Executing raw queries in TypeORM is a straightforward and efficient operation, especially when you need to perform specific database operations or when the ORM's built-in methods fall short. To safely execute raw queries—particularly when they involve parameters from external input—we must leverage parameterized queries to prevent SQL injection attacks.
Here is a specific example demonstrating how to execute raw queries with parameters in TypeORM:
First, ensure you have created a DataSource instance and successfully connected to your database. The following is a simple parameterized query example, assuming we want to retrieve user information from the user table based on a specific ID:
import { DataSource } from 'typeorm'; async function findUserById(dataSource: DataSource, userId: number) { const query = 'SELECT * FROM user WHERE id = $1'; // Using $1 as a parameter placeholder const result = await dataSource.query(query, [userId]); // Passing userId as a parameter return result; }
In this example, $1 serves as the parameter placeholder (note that different databases may use different placeholders, such as ? for MySQL), and [userId] is an array containing all parameters in the order they appear in the SQL query.

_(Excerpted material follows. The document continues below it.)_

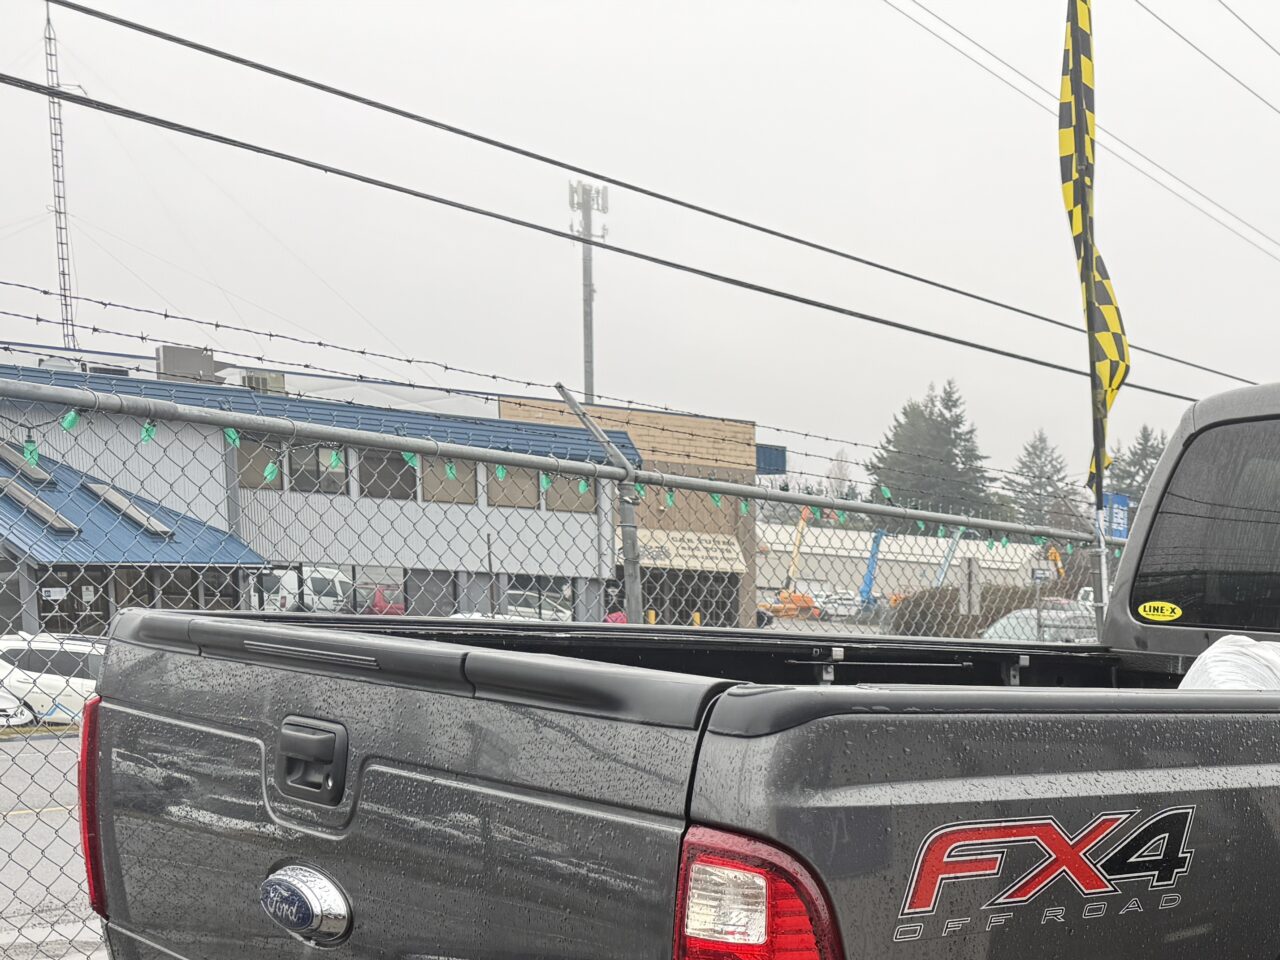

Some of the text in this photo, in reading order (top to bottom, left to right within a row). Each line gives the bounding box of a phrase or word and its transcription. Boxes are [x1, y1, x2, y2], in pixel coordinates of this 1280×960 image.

[898, 804, 1197, 918] FX4
[266, 884, 303, 922] Ford
[893, 893, 1182, 942] OFF ROAD

When you call dataSource.query, TypeORM automatically replaces the parameters into the query placeholders and executes the query securely, mitigating SQL injection risks.
The benefits of this approach are clear:
- Security: Parameterized queries effectively prevent SQL injection attacks.
- Flexibility: Complex SQL queries can be reused by simply passing different parameters.
- Performance: The database can optimize execution plans since the SQL structure remains consistent across multiple calls, with only parameters varying.